-- Exercise data --

━━━

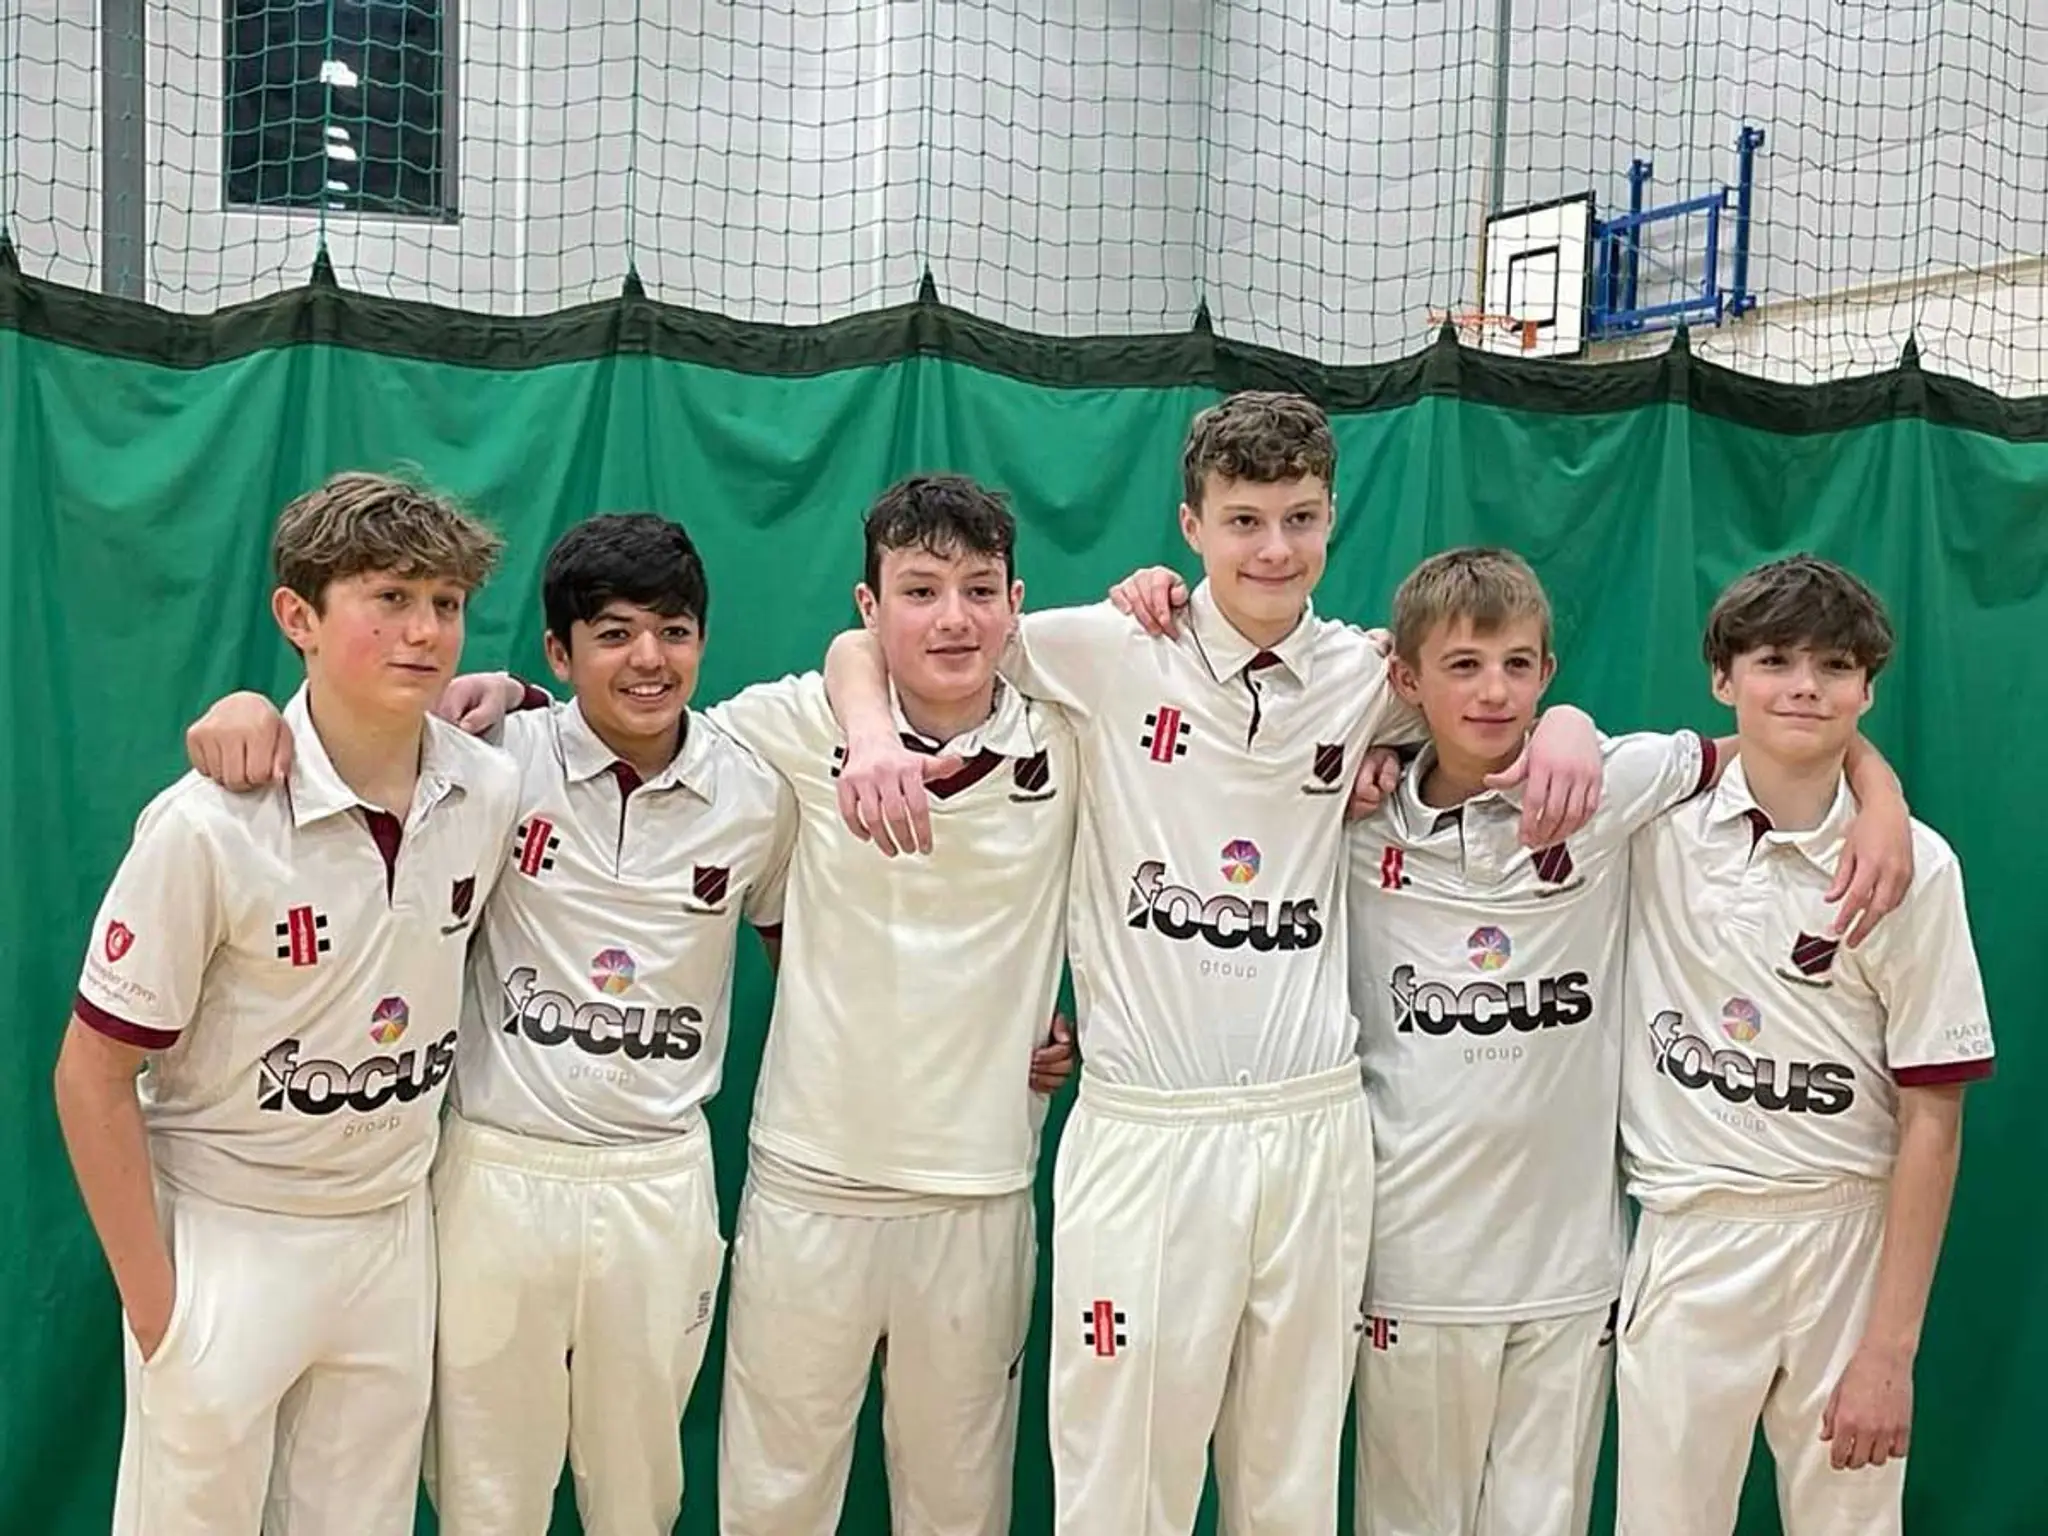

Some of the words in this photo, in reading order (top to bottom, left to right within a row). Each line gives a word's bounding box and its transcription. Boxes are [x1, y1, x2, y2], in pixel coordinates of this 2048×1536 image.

[1127, 860, 1323, 952] focus
[1200, 958, 1258, 978] group
[1390, 964, 1593, 1035] focus
[503, 966, 703, 1060] focus
[1464, 1046, 1523, 1063] group
[258, 1030, 457, 1115] focus
[1649, 1010, 1855, 1115] focus

━━━

-- Assigned task --
Return the complete material exactly as it appears, without images.

-- Written reply --
Some of the words in this photo, in reading order (top to bottom, left to right within a row). Each line gives a word's bounding box and its transcription. Boxes are [x1, y1, x2, y2], in pixel coordinates of this 2048×1536 image.

[1127, 860, 1323, 952] focus
[1200, 958, 1258, 978] group
[1390, 964, 1593, 1035] focus
[503, 966, 703, 1060] focus
[1464, 1046, 1523, 1063] group
[258, 1030, 457, 1115] focus
[1649, 1010, 1855, 1115] focus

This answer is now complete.